A la suite de l’annulation, par le Tribunal administratif de Marseille, de la décision mettant fin à son détachement dans les services d’une commune, la fonctionnaire concernée a de nouveau saisi la justice, mais cette fois-ci pour obtenir la réparation du préjudice résultant de son éviction illégale.

Saisi par la commune d’un pourvoi en cassation, le Conseil d’Etat rappelle qu’ « un agent public irrégulièrement évincé a droit à la réparation intégrale du préjudice qu’il a effectivement subi du fait de la mesure illégalement prise à son encontre ».

Il précise ensuite que donnent lieu à réparation « les préjudices de toute nature avec lesquels l’illégalité commise présente, compte tenu de l’importance respective de cette illégalité et des fautes relevées à l’encontre de l’intéressé, un lien direct de causalité ».

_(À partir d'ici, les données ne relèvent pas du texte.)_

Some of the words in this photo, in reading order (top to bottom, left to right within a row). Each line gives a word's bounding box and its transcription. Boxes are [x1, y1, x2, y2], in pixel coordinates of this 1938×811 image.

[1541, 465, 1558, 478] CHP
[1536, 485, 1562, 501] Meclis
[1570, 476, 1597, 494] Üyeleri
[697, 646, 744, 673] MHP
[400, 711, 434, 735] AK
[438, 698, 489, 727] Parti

L’indemnité due au fonctionnaire est évaluée compte tenu de « la perte du traitement ainsi que celle des primes et indemnités dont l’intéressé avait, pour la période en cause, une chance sérieuse de bénéficier, à l’exception de celles qui, eu égard à leur nature, à leur objet et aux conditions dans lesquelles elles sont versées, sont seulement destinées à compenser des frais, charges ou contraintes liés à l’exercice effectif des fonctions ».

Il faut donc apprécier le droit à indemnisation au regard des chances sérieuses qu’avait le fonctionnaire de continuer à percevoir son traitement et ses primes non liées à l’exercice effectif du service, postérieurement à la décision d’éviction illégale.

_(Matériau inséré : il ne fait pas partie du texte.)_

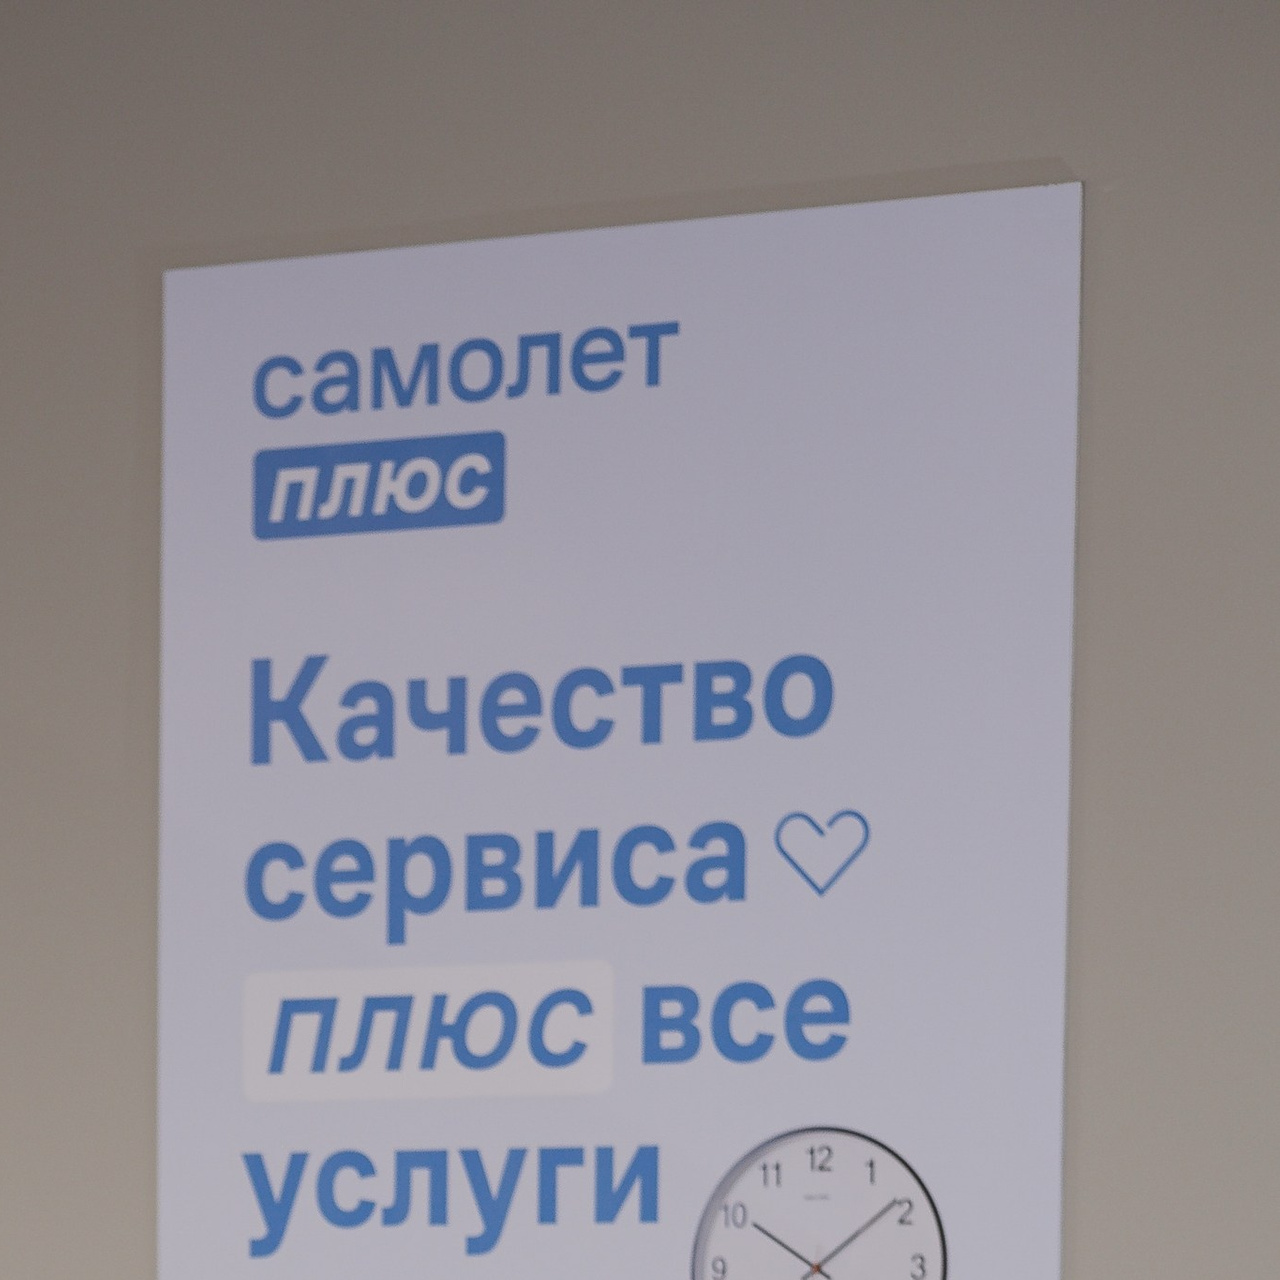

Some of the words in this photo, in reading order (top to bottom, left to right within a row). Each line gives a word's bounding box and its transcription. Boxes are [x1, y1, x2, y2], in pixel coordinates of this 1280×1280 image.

[253, 321, 680, 419] самолет
[268, 453, 492, 523] плюс
[250, 654, 835, 766] Качество
[245, 820, 748, 946] сервиса
[268, 988, 594, 1075] плюс
[641, 978, 852, 1065] все
[759, 1160, 782, 1187] 11
[806, 1145, 834, 1173] 12
[865, 1158, 877, 1186] 1
[242, 1145, 661, 1260] услуги
[720, 1201, 748, 1230] 10
[896, 1197, 915, 1226] 2

A cet égard, il convient de rappeler que l’indemnisation ne peut intervenir que si la mesure d’éviction a fait l’objet d’une annulation définitive sur le fond, c’est à dire en raison de son caractère injustifié.

En effet, si la mesure d’éviction n’a été annulée qu’à raison d’un vice de forme ou de procédure, elle ne peut donner lieu à indemnisation.

L’indemnisation est donc calculée, pour la période d’éviction illégale, sur la base des traitements et des primes non liées à un service effectif dont le fonctionnaire avait une chance sérieuse de bénéficier.

Entrent dans le calcul, notamment, les rémunérations suivantes, dès lors qu’elles n’ont pas pour objet de compenser les contraintes liées à l’exercice effectif des fonctions :

-  l’indemnité de résidence ;

-  le supplément familial de traitement, s’il était dû à l’agent, compte tenu de la situation de son conjoint ;

-  l’indemnité d’exercice des missions de préfecture (IEMP) ;

-  l’indemnité forfaitaire pour travaux supplémentaires (IFTS).

Sont en revanche exclues de la base de calcul de l’indemnité, en raison de leur lien avec l’exercice effectif des fonctions :

-  les avantages en nature de logement et de nourriture (Conseil d’Etat, 6 mars 1987, Sola : Rec. CE 1987, tables p. 806. – Conseil d’Etat, 13 janvier 1988, Cts Louchart : Rec. CE 1988, tables p. 864-880) ;

-  les primes de rendement, les primes d’éloignement, et les primes liées à des sujétions spéciales (Conseil d’Etat, 25 juin 1976, Gaillard, requête n° 94375).

Ensuite, il convient de déduire de la somme obtenue l’ensemble des revenus perçus par le fonctionnaire au cours de la période d’éviction illégale, qu’il s’agisse de revenus liés à l’exercice d’une autre activité professionnelle, ou encore des gains de toute nature tels que les aides publiques versées aux personnes sans emploi ou privées d’emploi (Conseil d’Etat, 23 janvier 1985, Cne Saint-Lin : Rec. CE 1985, tables p. 676).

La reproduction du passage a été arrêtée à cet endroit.